General Terms and Conditions of Sale and Delivery of Dutch Seed Centre.

Last Updated: 11 October 2024
(Drawn up by Dutch Seed Centre LTD,25 Kizungu Road, Makindye, Kampala Uganda.)

Article 1. Application of These General Terms and Conditions

       1. These general terms and conditions apply to each offer of Dutch Seed Centre LTD., hereinafter to be called the "Seller", and to each agreement between the Seller and the Buyer, unless expressly provided otherwise in writing.

       2. The application of any terms and conditions of the Buyer is expressly rejected.

Article 2. Definitions

       1. Product: seeds, planting material and/or other goods and/or agreed services.

       2. Processing: the treatment of the product, although not exclusively, to improve the sow ability and emergence and/or the protection against (spread of) pests and/or diseases.

Article 3. Offers and Acceptance

        1. All offers made by the Seller are without engagement and can be withdrawn at any time. The prices specified in an offer are exclusive of applicable sales tax.

        2. If the Buyer accepts an offer, the Seller nevertheless reserves the right to withdraw the offer within 3 working days after receipt of acceptance (either verbally or in writing), in which case no agreement is concluded between the parties.

        3. Written offers automatically expire if not accepted by the Buyer in writing within 24hours.

        4. An offer to the Buyer or a purchase agreement between the Seller and the Buyer does not imply and may not in any way be explained as a silent license (agreement) to the Buyer with regard to any intellectual property right to the offered or sold products.

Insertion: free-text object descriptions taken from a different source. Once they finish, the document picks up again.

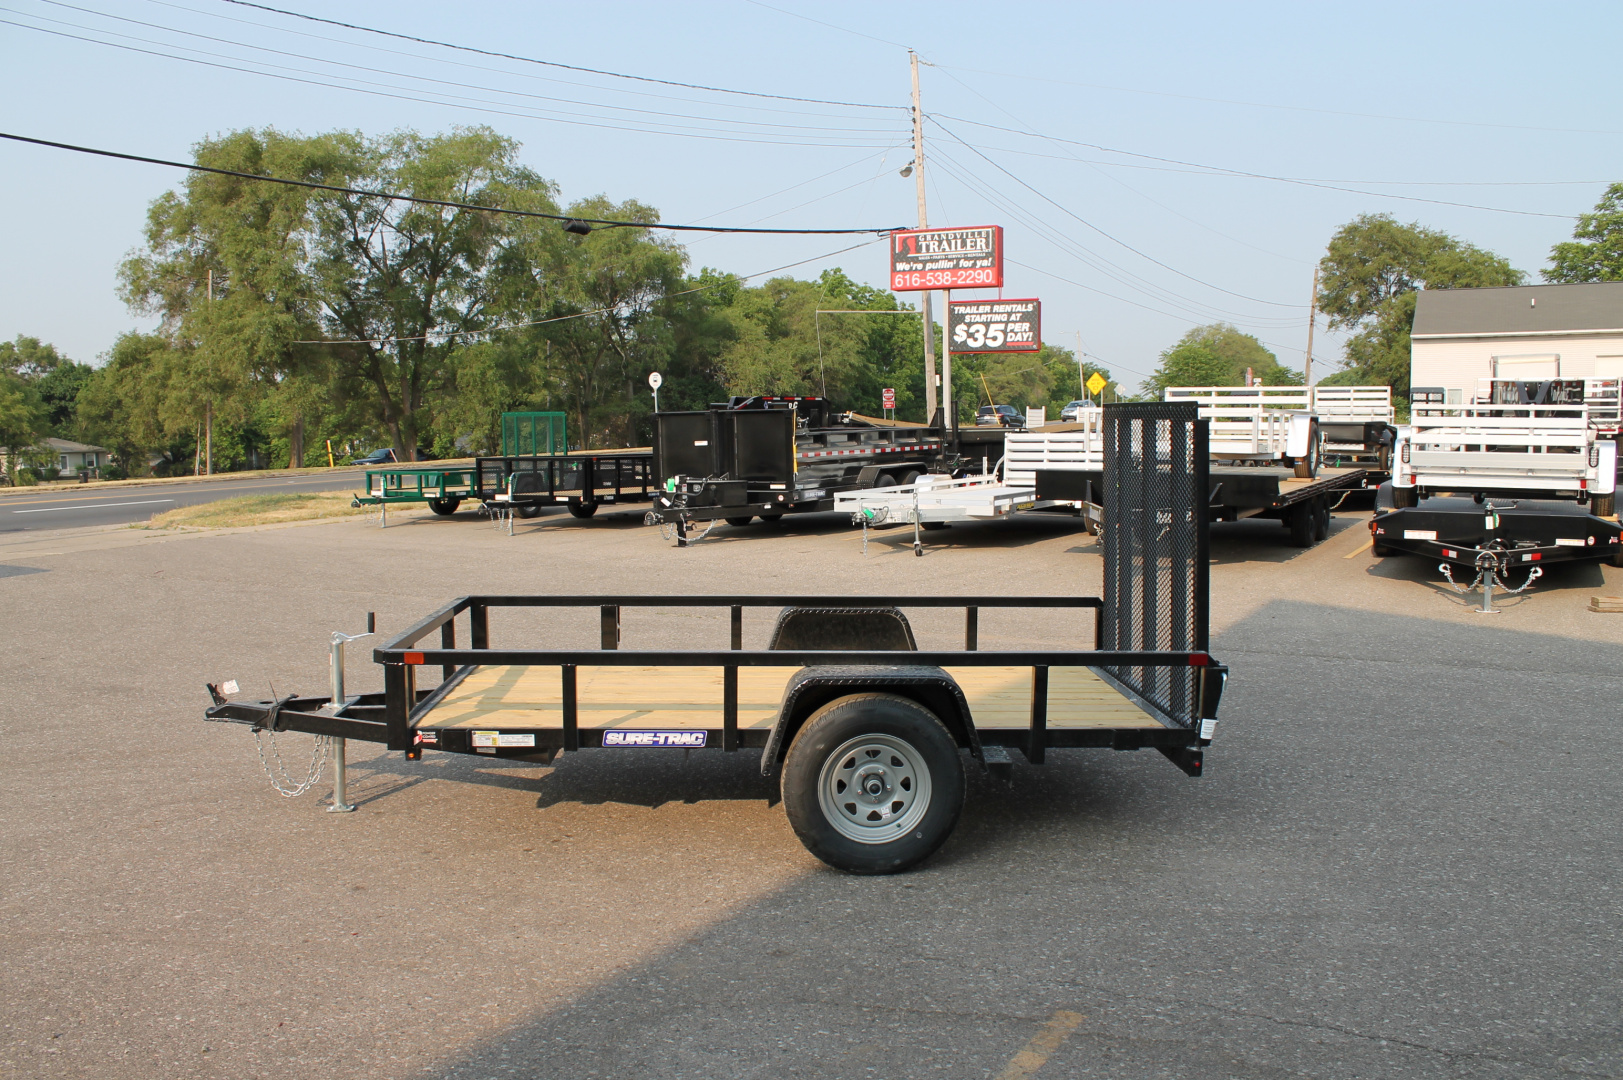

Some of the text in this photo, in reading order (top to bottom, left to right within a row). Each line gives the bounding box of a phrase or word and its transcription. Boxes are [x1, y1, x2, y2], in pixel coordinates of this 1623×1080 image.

[919, 231, 987, 241] GRANDVILLE
[919, 238, 987, 253] TRAILER
[896, 257, 992, 271] We're pullin' for ya!
[895, 270, 992, 287] 616-538-2290
[953, 304, 1033, 314] TRAILER RENTALS
[964, 313, 1023, 323] STARTING AT
[1006, 322, 1030, 332] PER
[953, 322, 1006, 348] $35
[1006, 332, 1034, 341] DAY!
[605, 733, 704, 745] SURE-TRAC

Article 4. Ordering and Delivery

         1. If the quantity ordered in any order differs from the standard quantity applied by the Seller or a multiple thereof, the Seller will deliver the next highest quantity.

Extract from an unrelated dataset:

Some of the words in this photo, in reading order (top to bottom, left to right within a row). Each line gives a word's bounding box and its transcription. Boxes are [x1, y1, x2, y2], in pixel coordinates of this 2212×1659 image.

         2. The Seller will always act to the best of its ability in fulfilling its obligation to deliver.

         3. Fulfilment of the Seller’s obligation is also understood to mean delivery with a minor difference in size, packaging, number or weight.

         4. The Seller is permitted to make part shipments of the products sold. If the products are delivered in part shipments, the Seller has the right to invoice each shipment separately.

         5. Carriage takes place in accordance with the latest Incoterms.

         6. The Seller undertakes to deliver within a reasonable period, in accordance with the sowing season or planting season.

          7. An agreed delivery period will not be binding. In the event of late delivery, the Buyer must give the Seller notice of default in writing and grant a reasonable period in which the Seller may fulfil the agreement.

Article 5. Retention of Title

    1. The products delivered by the Seller and/or the products derived from the products delivered will remain the property of the Seller until the Buyer has paid the full purchase value. This retention of title also applies to any claims that the Seller may acquire against the Buyer due to the Buyer’s failure to fulfil one of its obligations towards the Seller.

    2. Products delivered by the Seller to which the retention of title pursuant to Paragraph 1 applies, may be resold, or used only in the normal course of business. If they are resold, the Buyer is obliged to demand retention of title from its own buyers, and Article 16 of these general terms and conditions will remain to apply.

    3. The Buyer is not permitted to pledge or otherwise encumber the products.

Article 6. Prices and Payment

     1. The Seller reserves the right to change its prices. Each new price listing will invalidate the preceding one regarding all orders placed after the issue of the new price list.

     2. Without the prior written permission from the Seller, the Buyer has under no circumstance the right to postpone payments or to set these off against invoice amounts to be paid by the Seller, irrespective of whether the Buyer sets off its claims due to assumed defects in the shipment or for any other reason.

Article 7. Use and Guarantee

      1. The Seller guarantees that the product delivered will comply to the best of the Seller’s ability with the relevant product specifications. However, the product specifications will not apply as a guarantee. The Seller furthermore does not guarantee that the product will comply with the purpose given to them by the Buyer.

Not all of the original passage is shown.